Une crise plus grave aux Pays-Bas?



C'était probablement vers 2003 ou 2004. Je me rappelle de l'endroit, du bruit, des odeurs, de la discussion... c'était avec mon pote Laurent V, on parlait de l'économie alors qu'il me ramenait au Métro. Il jouait à la bourse, et disait déjà: "Je joue avec du vent. Ce qui se passe à la Bourse n'a aucun rapport avec la réalité économique. On va droit dans le mur mais tant que personne ne s'en rend compte, il ne va rien se passer. Je ne sais pas si ça va péter demain ou dans quelques années, mais ça ne va pas tenir, c'est impossible de continuer éternellement comme ça." Je voulais bien le croire, sauf que tout le monde disait le contraire, surtout aux Pays-Bas.

Depuis plus d'un an, on parle beaucoup des économies néerlandaises et islandaises avec mon pote X (qui souhaite rester anonyme, je me demande vraiment qui ça peut être...), qui est à Reykjavik depuis quelques temps déjà. On avait l'impression d'être deux paysans réactionnaires, à ne pas croire en la réalité du "miracle islandais" ou du modèle économique Polder. Même en étant très fort, en travaillant d'arrache-pied et en étant très futé, on ne peut pas passer aussi vite d'un mode de vie assez frustre à un tel débordement de richesse. "Je ne peux pas croire qu'ils aient trouvé la méthode miracle pour passer de la pêche et de l'agriculture de survie à un mode de vie californien avec Humvees et voyages autour de la terre plusieurs fois par an pour tous en une décennie."

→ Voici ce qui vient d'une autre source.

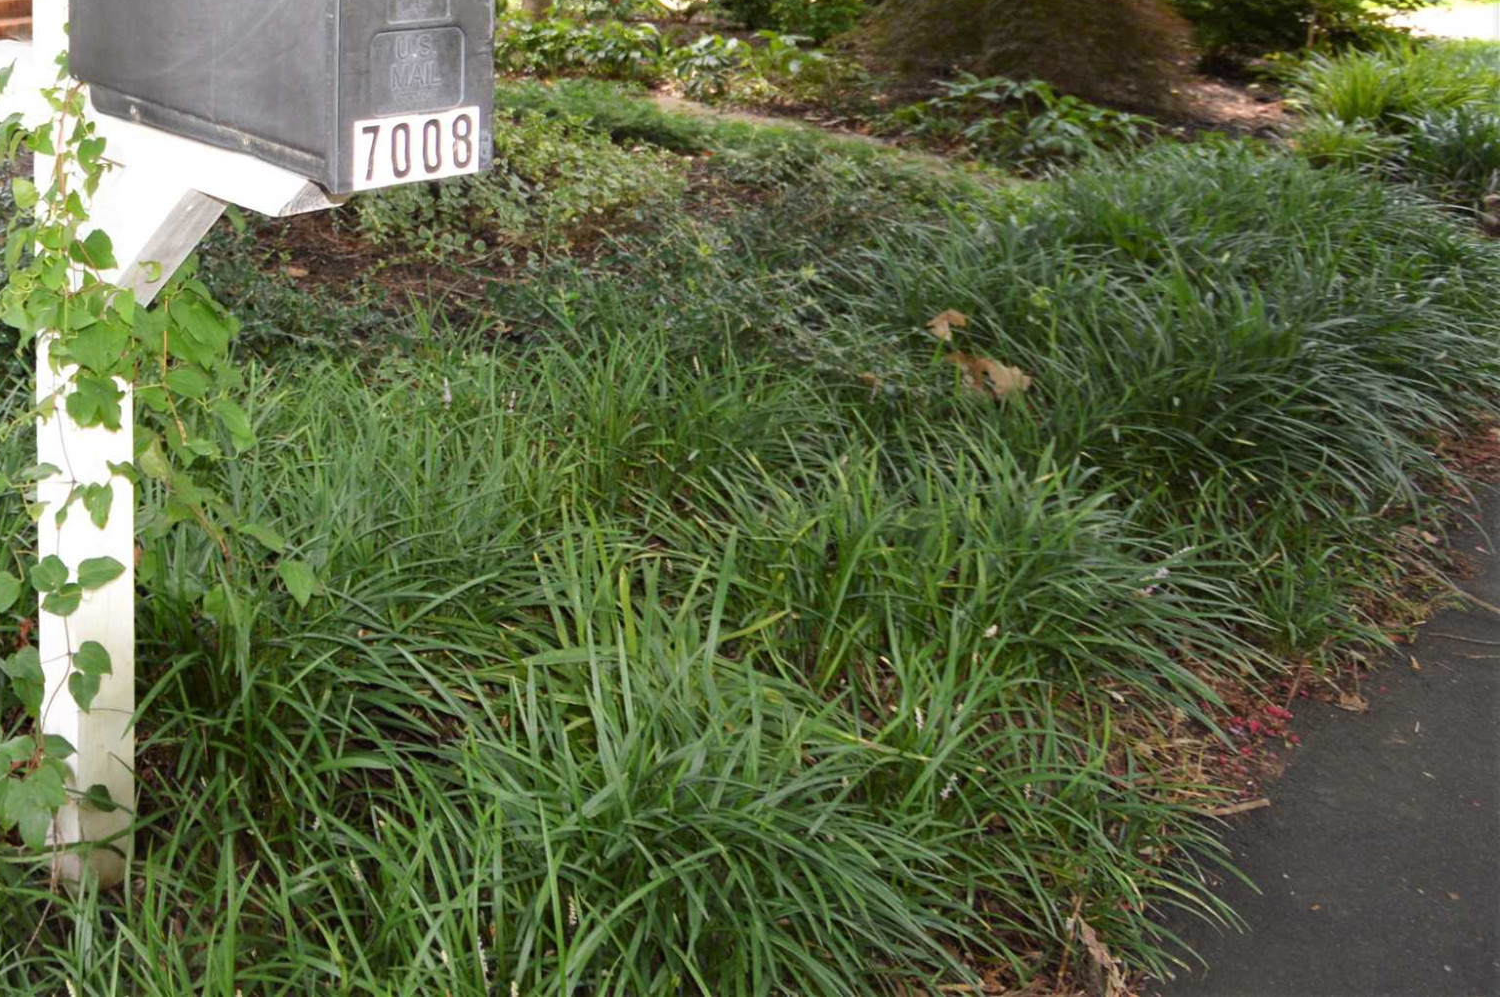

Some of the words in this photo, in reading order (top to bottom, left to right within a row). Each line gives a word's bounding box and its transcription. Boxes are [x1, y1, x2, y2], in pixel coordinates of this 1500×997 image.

De mon côté, je vois bien que l'enrichissement de beaucoup de Néerlandais ne provient nullement d'un travail accru ou d'une efficacité supérieure, mais pour beaucoup des miettes des différentes bulles spéculatives, et encore plus du crédit. Les politiques gouvernementales pour forcer les gens à placer leur retraite à la Bourse (qu'on le veuille on non, d'ailleurs) et acquérir leur logement a surtout eu pour conséquence de faire grimper les prix de l'immobilier, d'augmenter le taux d'endettement, surtout pour les classes moyennes et inférieures, et de faire perdre des centaines voire des milliers de milliards des retraites.
J'avais l'impression d'être un trotskiste anti-capitaliste primaire quand je trouvais que la confiance des Bataves en leur économie va bien au delà du raisonnable: "Laurent, tu vois tout en noir, l'économie financiarisée est vraiment moderne maintenant, on utilise des mathématiques de pointe. En plus l'économie néerlandaise est forte par essence. Il n'y a aucune raison que nous vivions une quelconque récession et les prix de l'immobilier ne vont pas baisser de sitôt."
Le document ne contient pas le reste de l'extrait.